## EXERCISE DIRECTIONS
From the first line to the last, repeat the data exactly but leave out the pictures.

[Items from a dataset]
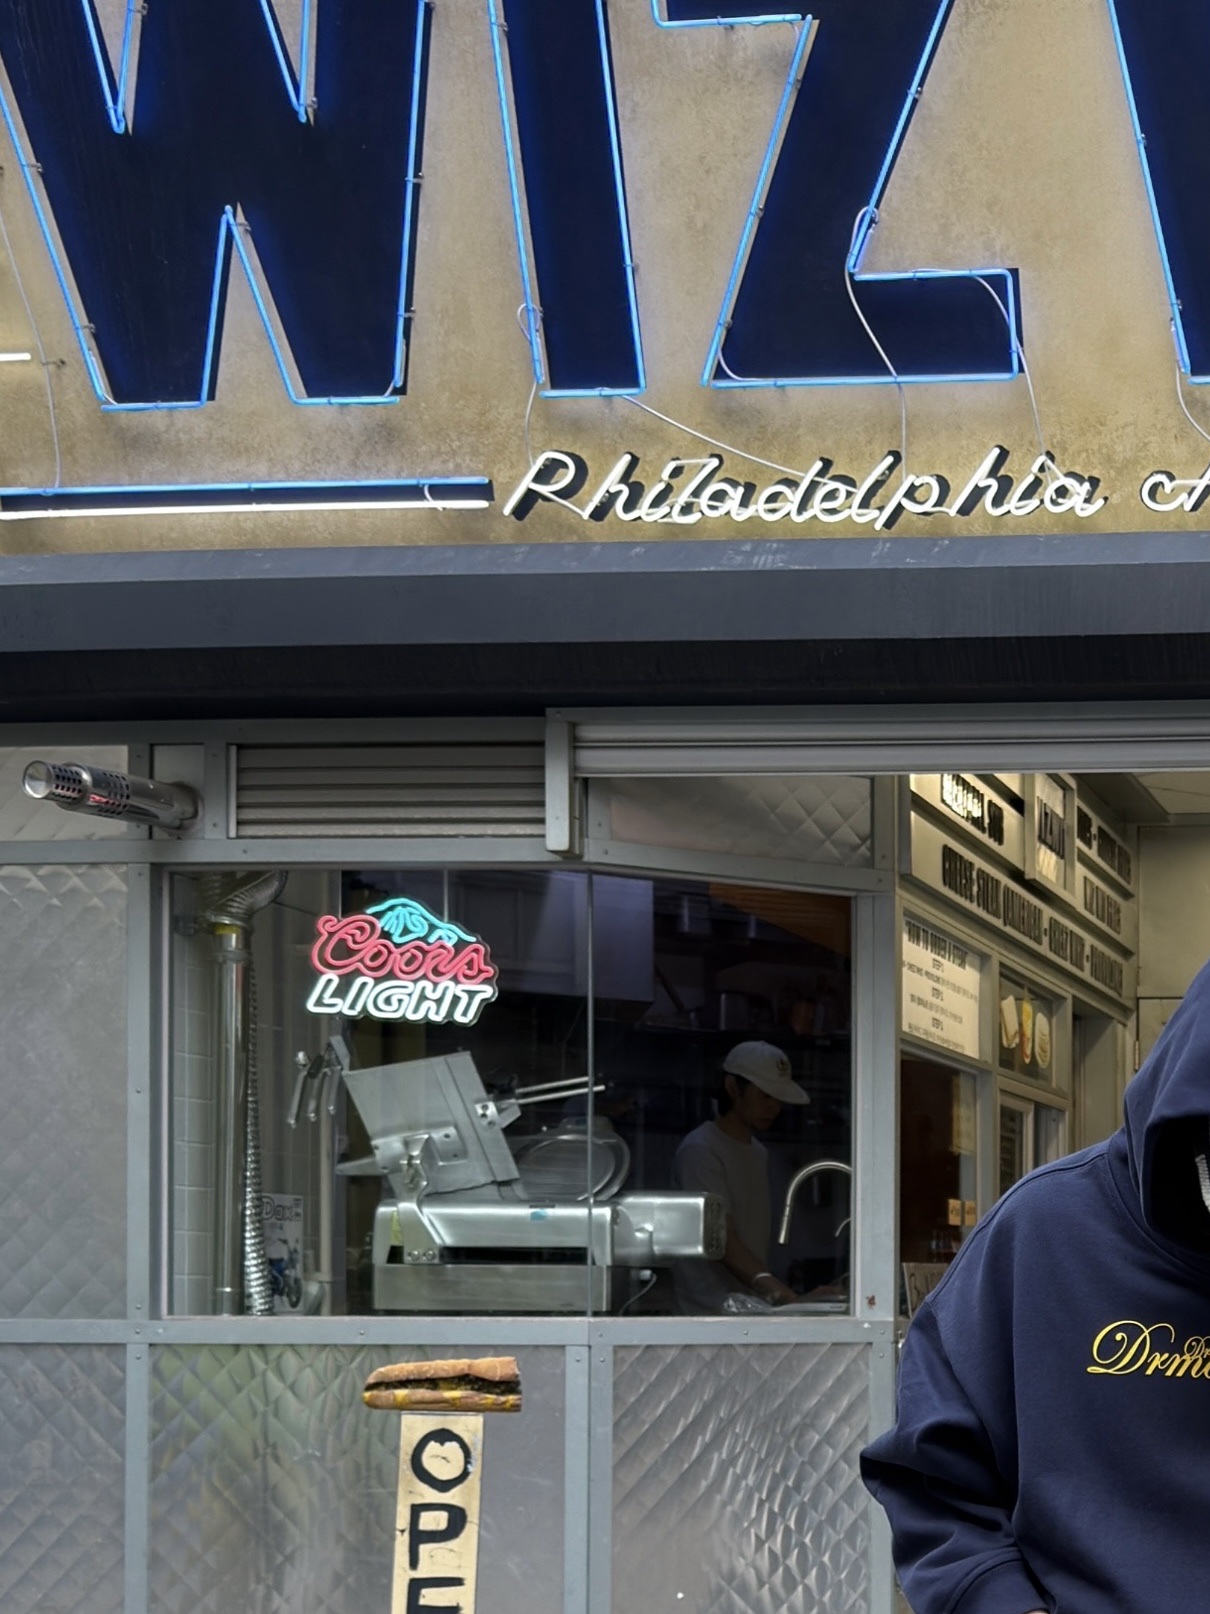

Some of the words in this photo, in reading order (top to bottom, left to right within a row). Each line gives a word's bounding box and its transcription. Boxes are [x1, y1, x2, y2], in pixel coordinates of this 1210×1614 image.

[503, 445, 1107, 531] Philadelphia
[312, 914, 494, 985] Coors
[306, 973, 494, 1024] LIGHT
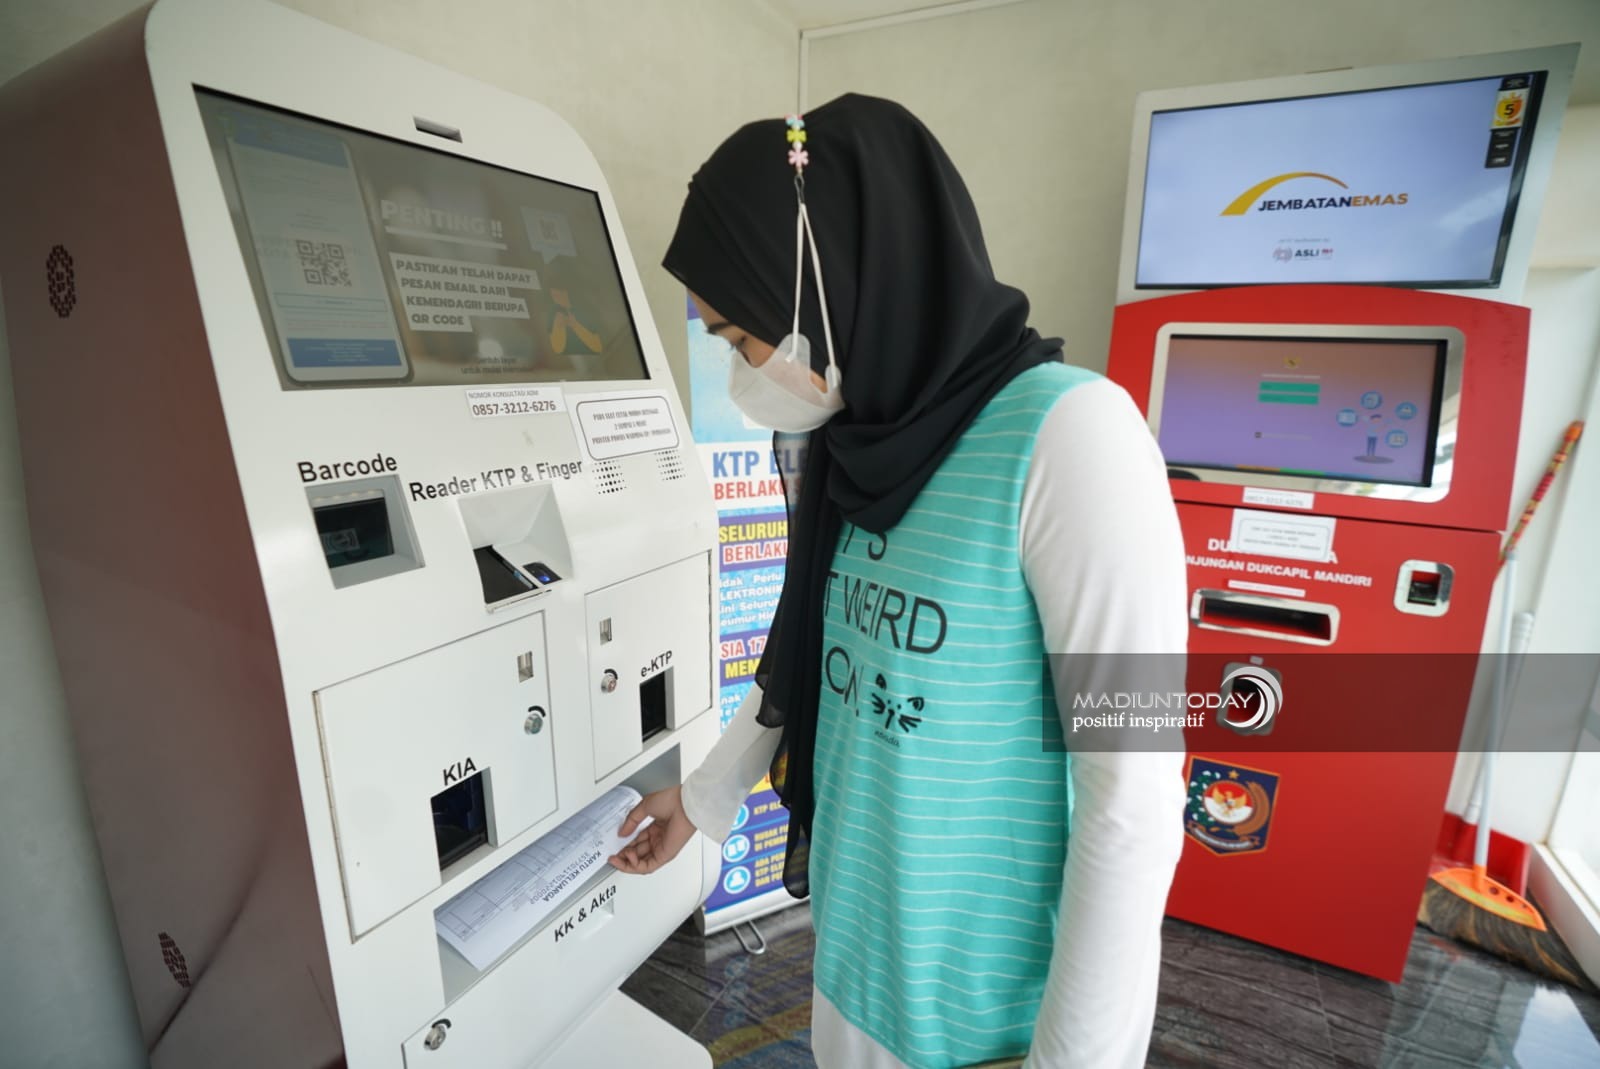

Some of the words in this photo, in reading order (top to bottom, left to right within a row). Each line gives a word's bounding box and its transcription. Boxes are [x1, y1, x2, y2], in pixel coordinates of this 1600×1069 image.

[1502, 103, 1516, 116] 5
[1258, 193, 1408, 211] JEMBATANEMAS
[381, 200, 485, 234] PENTING
[1294, 248, 1320, 257] ASLI
[396, 260, 458, 275] PASTIKAN
[460, 267, 494, 280] TELAH
[497, 272, 531, 283] DAPAT
[401, 278, 441, 290] PESAN
[444, 282, 478, 294] EMAIL
[480, 286, 506, 296] DARI
[406, 296, 481, 310] KEMENDAGRI
[485, 302, 525, 313] BERUPA
[411, 313, 430, 324] QR
[433, 315, 464, 325] CODE
[472, 400, 556, 416] 0857-3212-6276
[298, 453, 398, 482] Barcode
[713, 450, 760, 478] KTP
[409, 476, 477, 501] Reader
[481, 467, 516, 490] KTP
[521, 465, 534, 483] &
[537, 460, 583, 481] Finger
[719, 520, 788, 543] SELURUH
[1246, 561, 1311, 580] DUKCAPIL
[1314, 570, 1372, 587] MANDIRI
[844, 575, 947, 654] WEIRD
[641, 650, 673, 677] e-KTP
[443, 757, 477, 786] KIA
[578, 850, 602, 872] KARTU
[542, 870, 580, 902] KELUARGA
[555, 916, 575, 943] KK
[578, 907, 587, 923] &
[590, 885, 616, 914] Akta

## TASK RESULT
Some of the words in this photo, in reading order (top to bottom, left to right within a row). Each line gives a word's bounding box and its transcription. Boxes are [x1, y1, x2, y2], in pixel coordinates of this 1210×1614 image.

[503, 445, 1107, 531] Philadelphia
[312, 914, 494, 985] Coors
[306, 973, 494, 1024] LIGHT

Some of the words in this photo, in reading order (top to bottom, left to right within a row). Each line gives a word's bounding box and its transcription. Boxes are [x1, y1, x2, y2], in pixel coordinates of this 1600×1069 image.

[1502, 103, 1516, 116] 5
[1258, 193, 1408, 211] JEMBATANEMAS
[381, 200, 485, 234] PENTING
[1294, 248, 1320, 257] ASLI
[396, 260, 458, 275] PASTIKAN
[460, 267, 494, 280] TELAH
[497, 272, 531, 283] DAPAT
[401, 278, 441, 290] PESAN
[444, 282, 478, 294] EMAIL
[480, 286, 506, 296] DARI
[406, 296, 481, 310] KEMENDAGRI
[485, 302, 525, 313] BERUPA
[411, 313, 430, 324] QR
[433, 315, 464, 325] CODE
[472, 400, 556, 416] 0857-3212-6276
[298, 453, 398, 482] Barcode
[713, 450, 760, 478] KTP
[409, 476, 477, 501] Reader
[481, 467, 516, 490] KTP
[521, 465, 534, 483] &
[537, 460, 583, 481] Finger
[719, 520, 788, 543] SELURUH
[1246, 561, 1311, 580] DUKCAPIL
[1314, 570, 1372, 587] MANDIRI
[844, 575, 947, 654] WEIRD
[641, 650, 673, 677] e-KTP
[443, 757, 477, 786] KIA
[578, 850, 602, 872] KARTU
[542, 870, 580, 902] KELUARGA
[555, 916, 575, 943] KK
[578, 907, 587, 923] &
[590, 885, 616, 914] Akta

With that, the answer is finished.